## How to complete this task
In your output, repeat each entry exactly and include no pictures.

"""

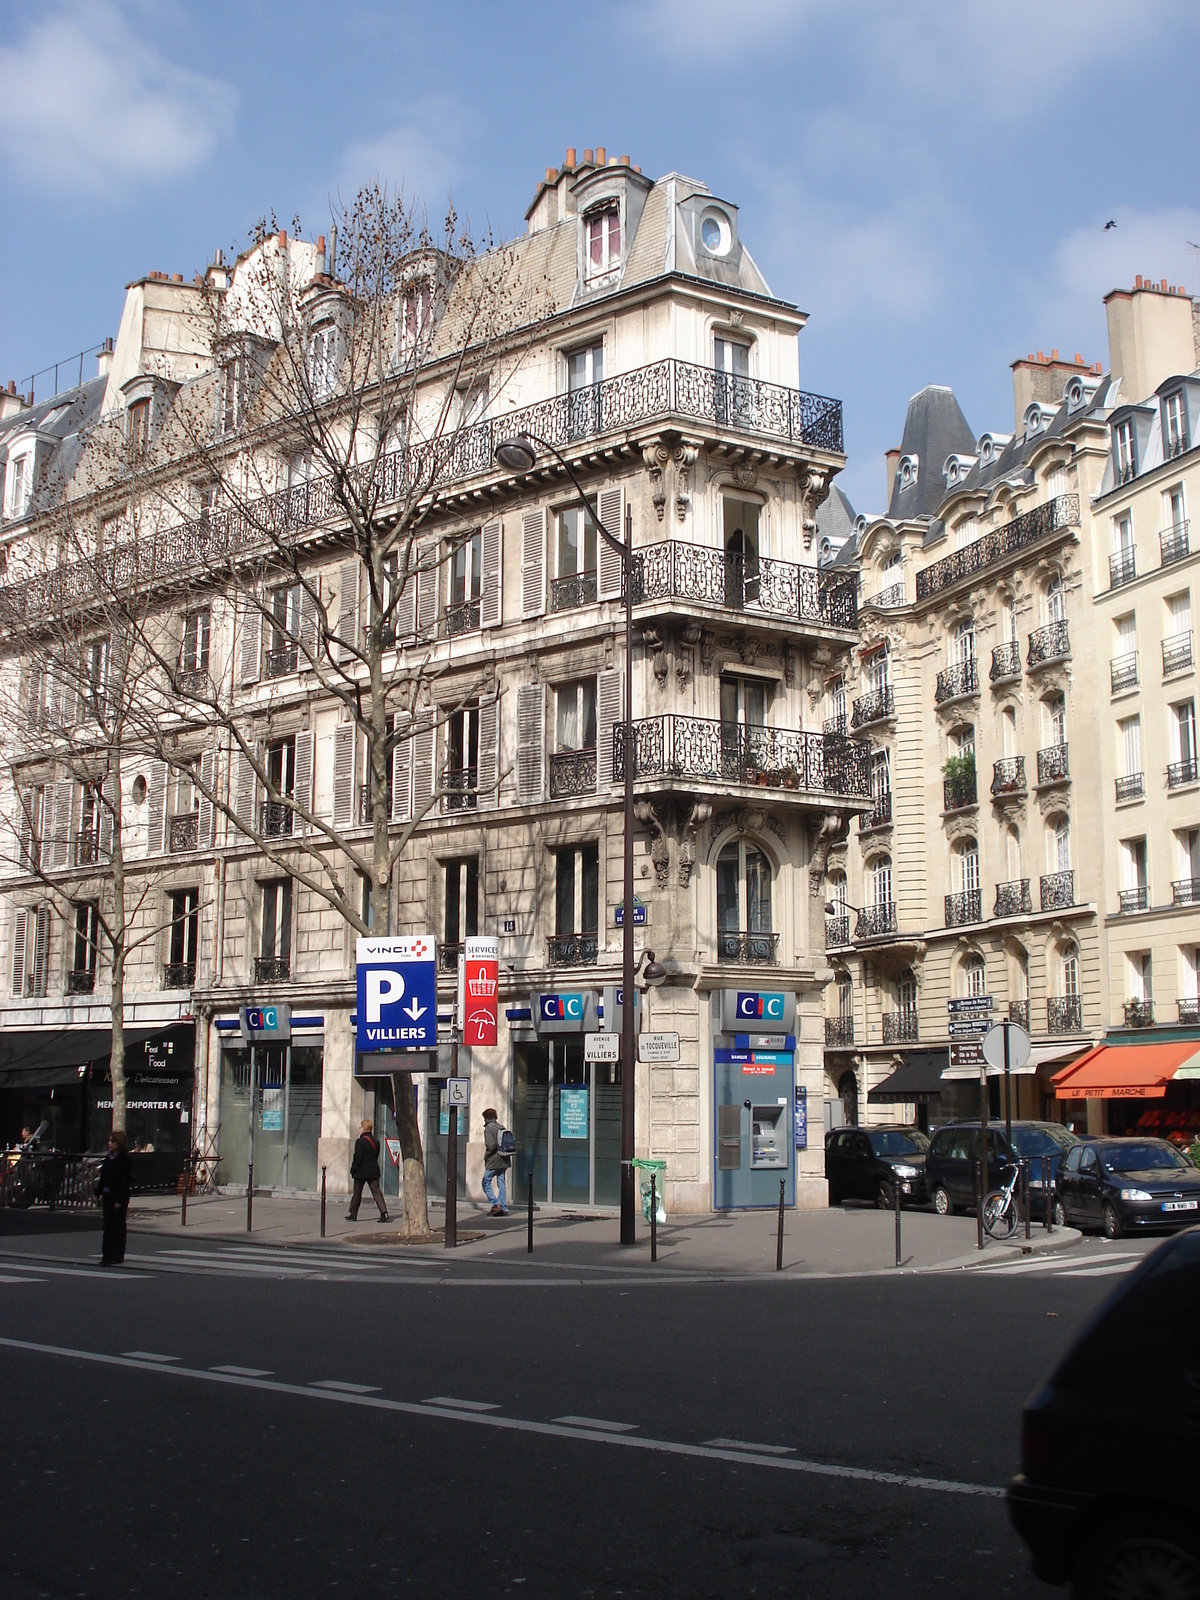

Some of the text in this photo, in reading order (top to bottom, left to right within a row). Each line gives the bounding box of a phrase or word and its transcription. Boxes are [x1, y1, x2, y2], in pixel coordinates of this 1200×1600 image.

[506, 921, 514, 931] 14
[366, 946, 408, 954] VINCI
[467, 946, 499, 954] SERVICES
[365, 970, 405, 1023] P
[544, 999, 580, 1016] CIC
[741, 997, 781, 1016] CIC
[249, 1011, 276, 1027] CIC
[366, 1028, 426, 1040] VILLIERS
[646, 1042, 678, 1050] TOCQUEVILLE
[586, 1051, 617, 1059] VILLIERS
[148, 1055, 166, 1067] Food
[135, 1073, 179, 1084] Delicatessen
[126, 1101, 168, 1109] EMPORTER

"""

## Your solution
Some of the text in this photo, in reading order (top to bottom, left to right within a row). Each line gives the bounding box of a phrase or word and its transcription. Boxes are [x1, y1, x2, y2], in pixel coordinates of this 1200×1600 image.

[506, 921, 514, 931] 14
[366, 946, 408, 954] VINCI
[467, 946, 499, 954] SERVICES
[365, 970, 405, 1023] P
[544, 999, 580, 1016] CIC
[741, 997, 781, 1016] CIC
[249, 1011, 276, 1027] CIC
[366, 1028, 426, 1040] VILLIERS
[646, 1042, 678, 1050] TOCQUEVILLE
[586, 1051, 617, 1059] VILLIERS
[148, 1055, 166, 1067] Food
[135, 1073, 179, 1084] Delicatessen
[126, 1101, 168, 1109] EMPORTER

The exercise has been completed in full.